World Economic News
Expert: Globalized Agriculture Caused Avian Flu
An expert in the avian flu who saw the globalized poultry operations in Southeast Asia, described to EIR Oct. 5, how the avian flu pandemic, now threatening the world's population, emerged from these ill-conceived and criminally mismanaged operations.
The veterinary epidemiologist said that the H5N1 pandemic was bred in some of the large-scale poultry operations introduced into Southeast Asian countries in recent years. (Thailand, for example, is now the fourth-largest poultry producer in the world.) Infected flocks should have been completely destroyed, but they were not. Once the virus spread beyond the big poultry operations to peasant flocks in Vietnam, the country completely lacked the infrastructure to deal with it.
The situation is now out of control, because the mutated strain of the virus has now re-infected the migratory wild fowl population, which has moved across Asia and is presently in Europe. Most of the 126 human cases to date have been among people with close contact with poultry. But each infection of a new animal is another opportunity for a mutation or reassortment of the virus to a form that is easily transmissible from human to human. Once that happens, the pandemic is on, in a world ill-prepared to deal with it. 1918 may look like a good year in comparison.
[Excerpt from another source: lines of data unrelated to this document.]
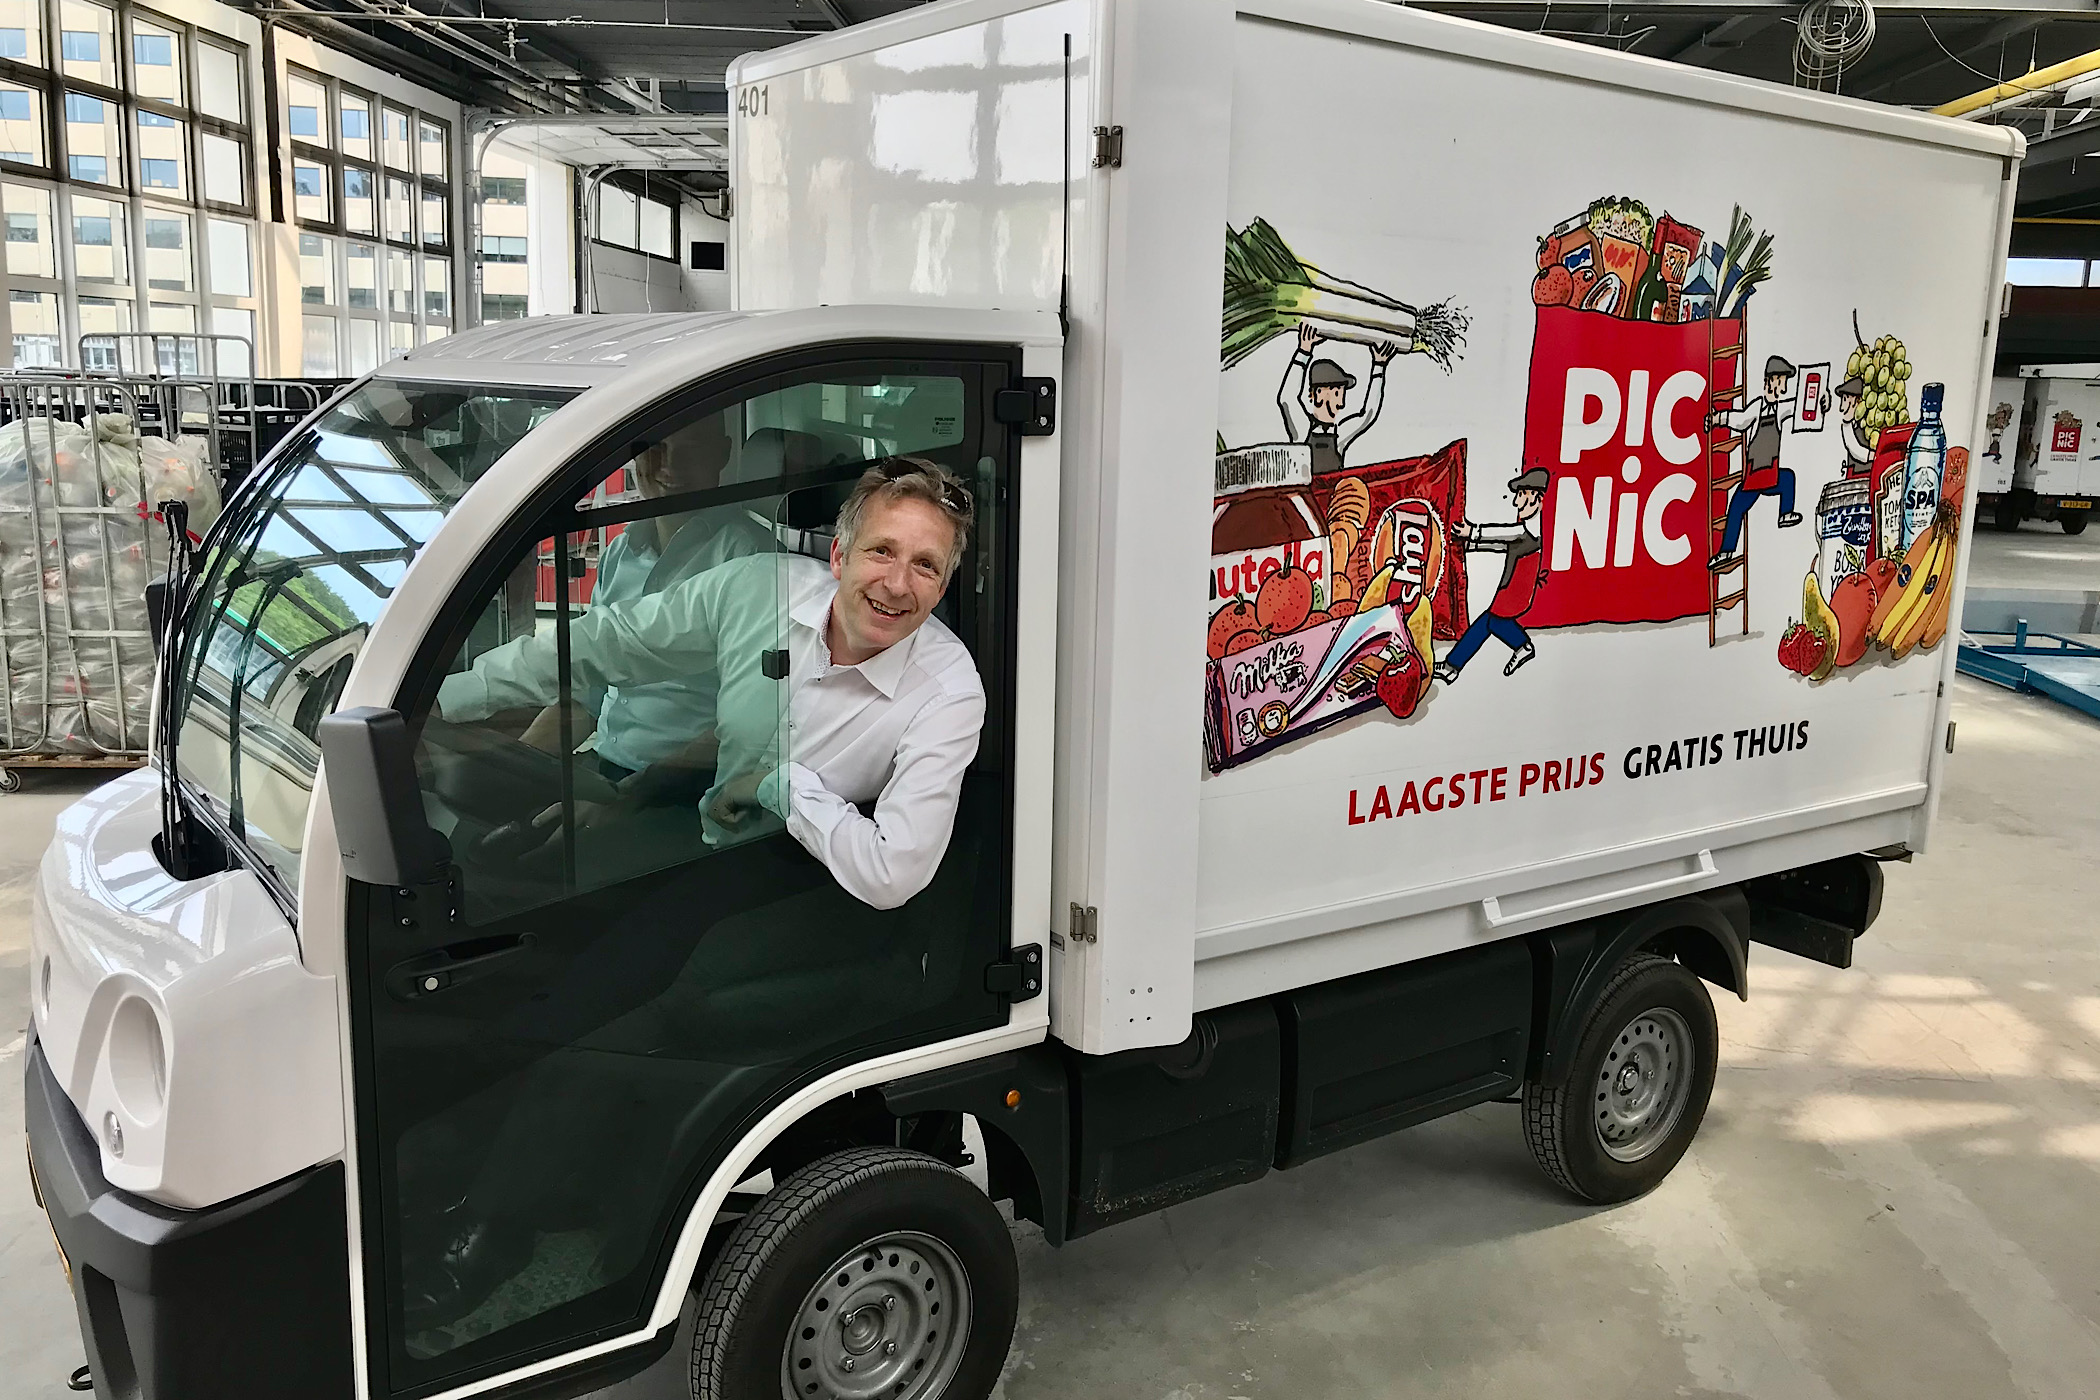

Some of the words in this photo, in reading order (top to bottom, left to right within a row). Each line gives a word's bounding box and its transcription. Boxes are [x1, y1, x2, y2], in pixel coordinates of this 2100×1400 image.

[738, 84, 769, 118] 401
[1560, 367, 1707, 465] PIC
[2057, 431, 2076, 440] PIC
[1905, 488, 1937, 510] SPA
[1229, 641, 1304, 700] Milka
[1347, 766, 1508, 826] LAAGSTE
[1518, 752, 1606, 797] PRIJS
[1623, 733, 1724, 779] GRATIS
[1733, 719, 1810, 761] THUIS
Like all type-A influenzas, the virus came from the wild-bird reservoir, where it had been relatively benign. Through contact of wild birds with some of the unprotected factory farm animals, the virus was able to mutate or reassort into a deadly form. The virus is passed through the intestinal tract to the feces where it maintains a deadly concentration. By sticking to clothing, footwear, truck tires and the like, it was moved to other poultry operations, including across borders, probably among Thailand, Vietnam, and China. The virus can live for up to a week on the outside. One Thai company with ties to agricultural cartels, CP Group, maintains operations in all three countries.
The veterinary expert said he believed there was also use of infected poultry as breeding stock, and that smuggled chickens played a part.
The virus re-infected the wild-bird population, and got out of control. At that point it became too late to control by killing off flocks. The Qinghai Lake, China outbreak among migratory fowl was the sign that it had gone out of control. The threat to European flocks is not controllable, and will become pandemic, he thinks.